Or would we take the raw fear view, which is that terrorism threatens all of us every single day, and that we are at war with an entire ethno-religious group, and it's just too much for our justice system to handle, so we must give up more freedoms and give our police even more powers and shut our doors to immigrants and intensify racial profiling?
Would our television programs feature crawls across the bottom of the screens screaming "Terror"? Would our mainstream media lose its critical faculties, the way the American media did after 9/11? Would such an attack disrupt our society on just about every level?
Probably more the latter than the former, given our behaviour in the year we are about to put behind us. It was a year of fear for the Western world, more so than any year since 9/11.
And, fear being what it is, it was not rational. The very fact that Donald Trump is riding to the top of the polls in America is evidence.
And despite what a lot of Canadians might like to think, we aren't much different.
Fear poured in
Canada has suffered far less extremist violence than several other Western countries, and yet many of us, led by our former government, dove down a tunnel of fear for most of 2015.
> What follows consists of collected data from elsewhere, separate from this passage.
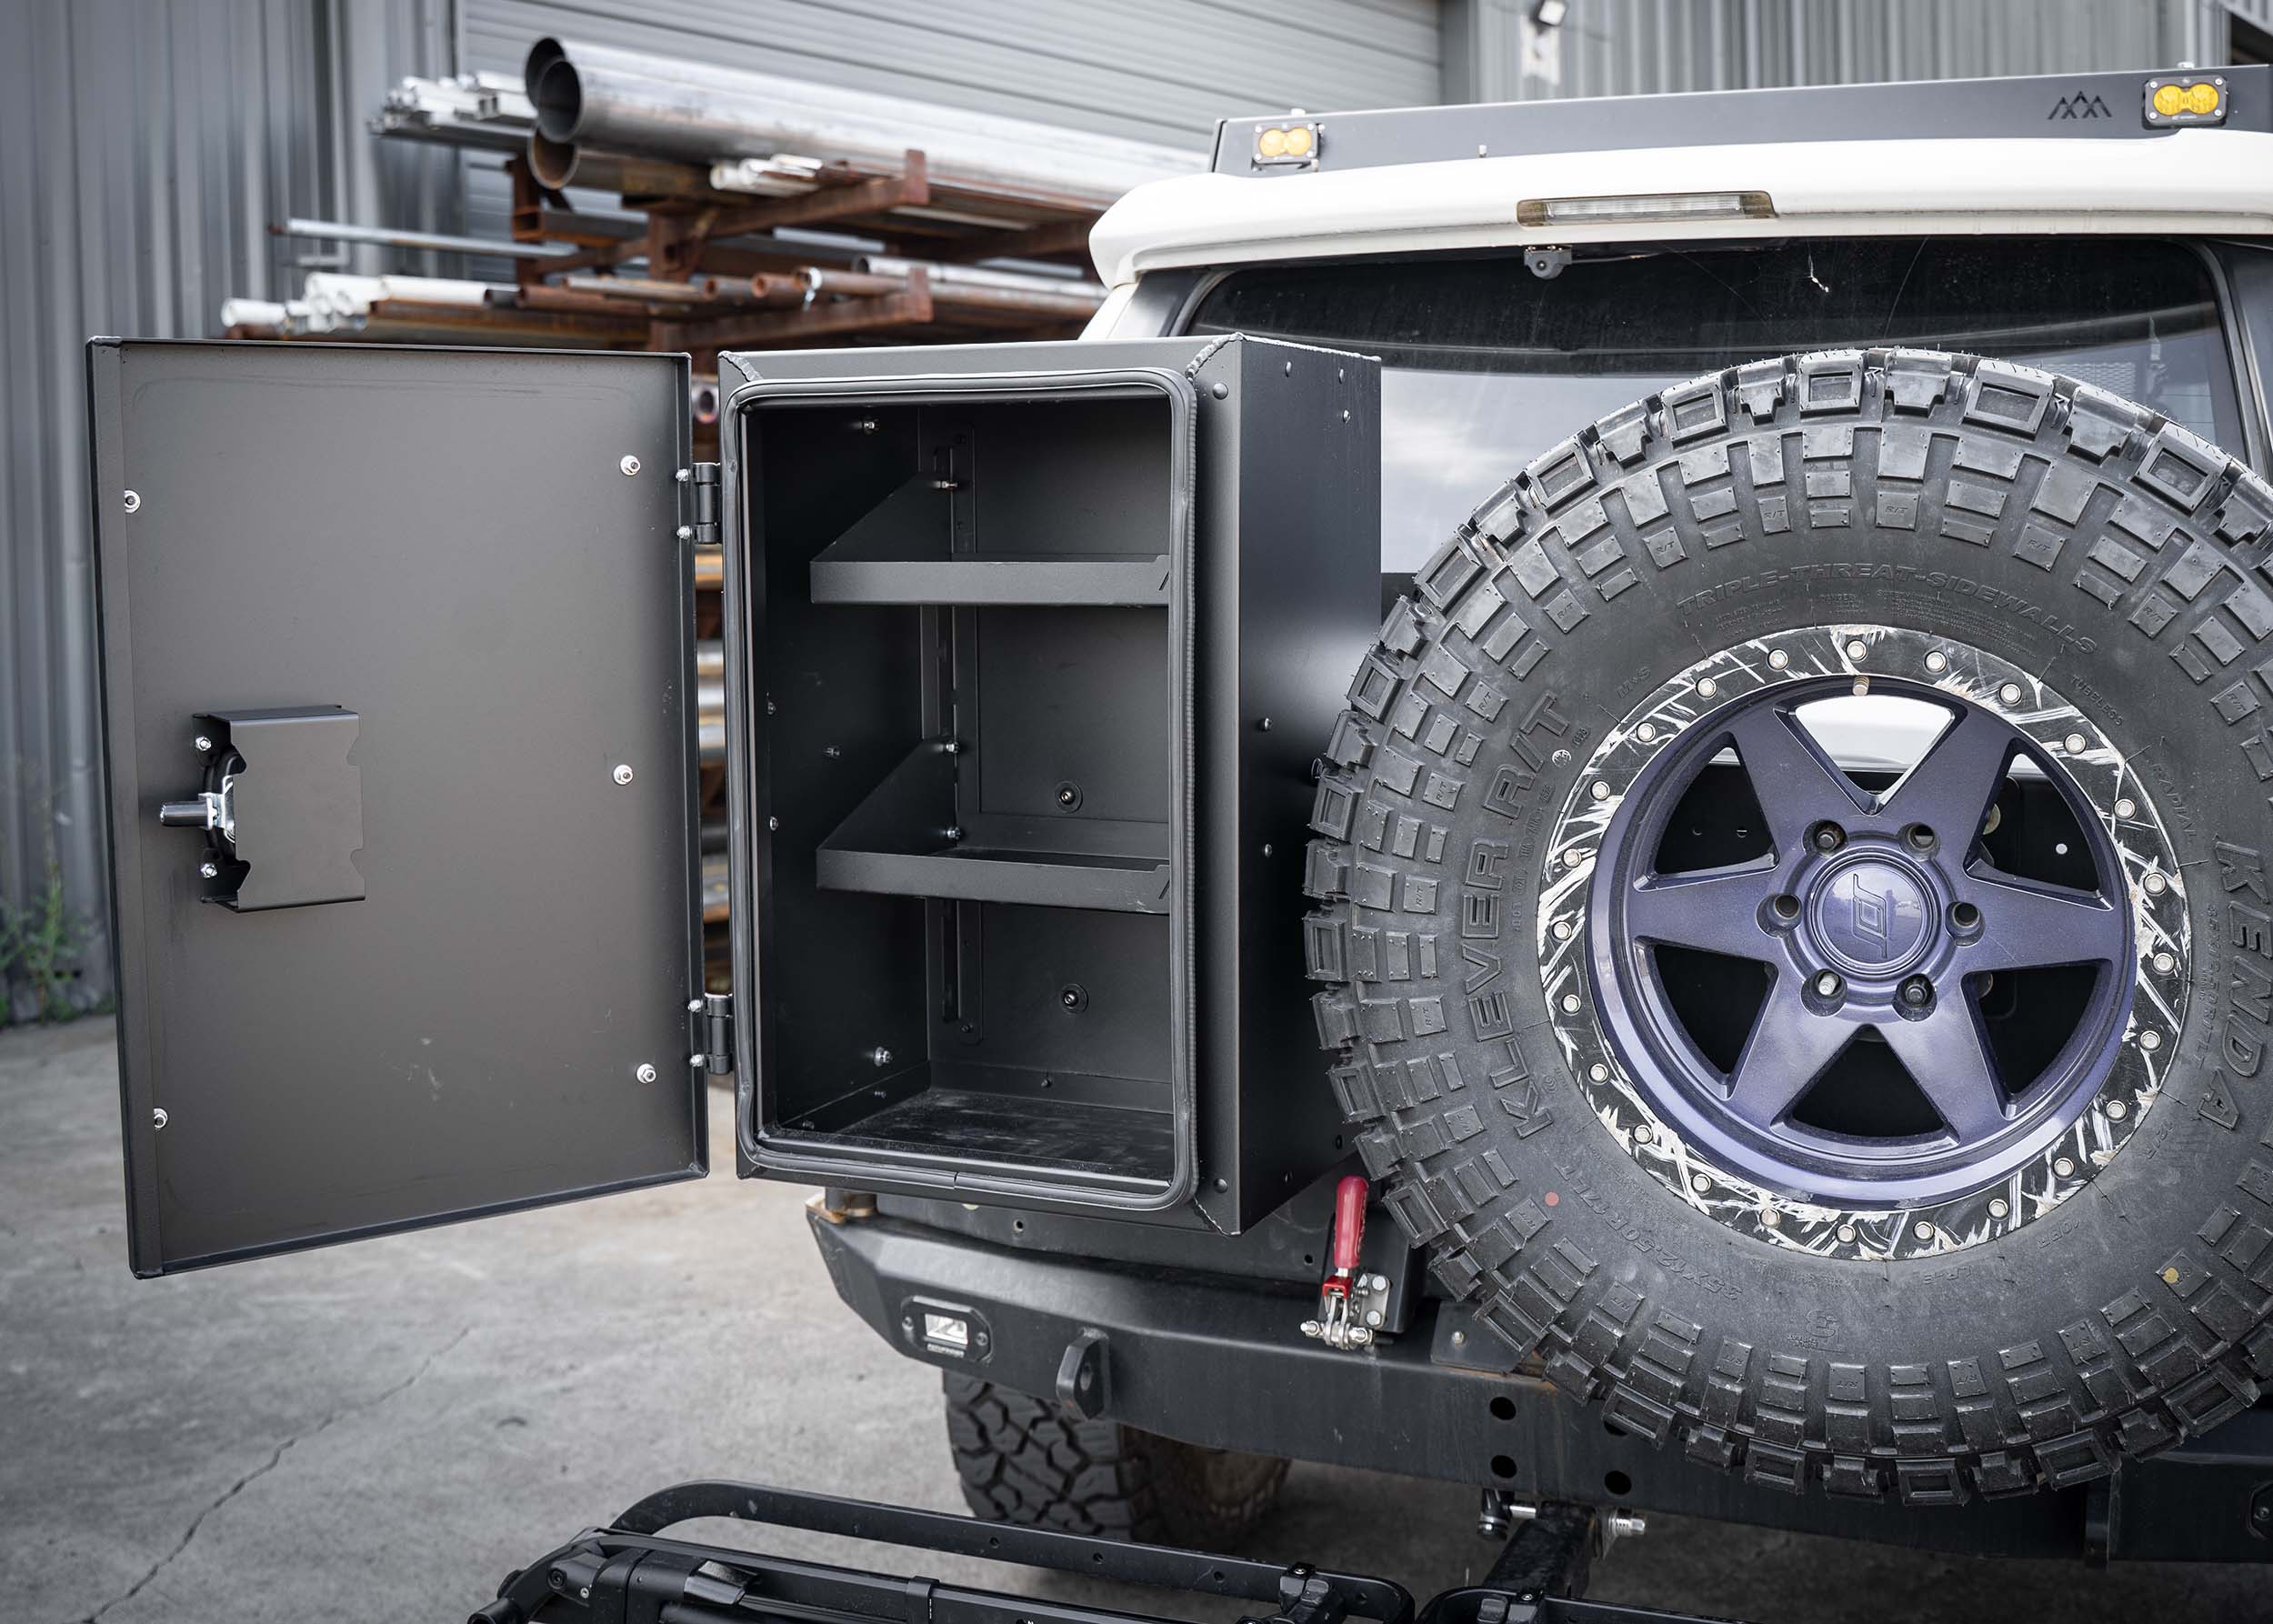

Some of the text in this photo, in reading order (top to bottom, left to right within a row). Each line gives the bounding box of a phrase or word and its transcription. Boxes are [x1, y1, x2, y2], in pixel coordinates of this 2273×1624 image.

[1763, 508, 1786, 519] R/T
[1884, 505, 1908, 515] R/T
[1656, 539, 1676, 555] R/T
[2027, 537, 2052, 552] R/T
[1557, 601, 1574, 619] R/T
[2141, 605, 2165, 624] R/T
[1477, 691, 1491, 711] R/T
[2070, 675, 2124, 727] TUBELESS
[2226, 691, 2247, 713] R/T
[1435, 781, 1447, 802] R/T
[2151, 763, 2197, 838] RADIAL
[1416, 886, 1424, 906] R/T
[1462, 692, 1569, 1140] KLEVER R/T
[2198, 840, 2273, 1130] KENDA
[1421, 1006, 1432, 1027] R/T
[1517, 1209, 1537, 1228] R/T
[1553, 1161, 1744, 1301] 35X12.50R17LT
[1610, 1295, 1630, 1311] R/T
[2070, 1335, 2091, 1351] R/T
[1721, 1353, 1745, 1367] R/T
[1835, 1379, 1858, 1388] R/T
[1954, 1373, 1978, 1385] R/T
We let an unhinged character who shot one soldier in Ottawa at the end of 2014, and an extremist who ran down and killed another in Quebec a few days earlier, push us into passing a sprawling new "anti-terror" bill.
On the periphery of our vision, because our media places far more value on Western life, fear also flowed from the bombings in Beirut, the attacks in Mali, and the endless explosions and carnage in Baghdad.
Fear also wafted up from America, which just a few weeks ago went through the deadliest extremist attack since 9/11.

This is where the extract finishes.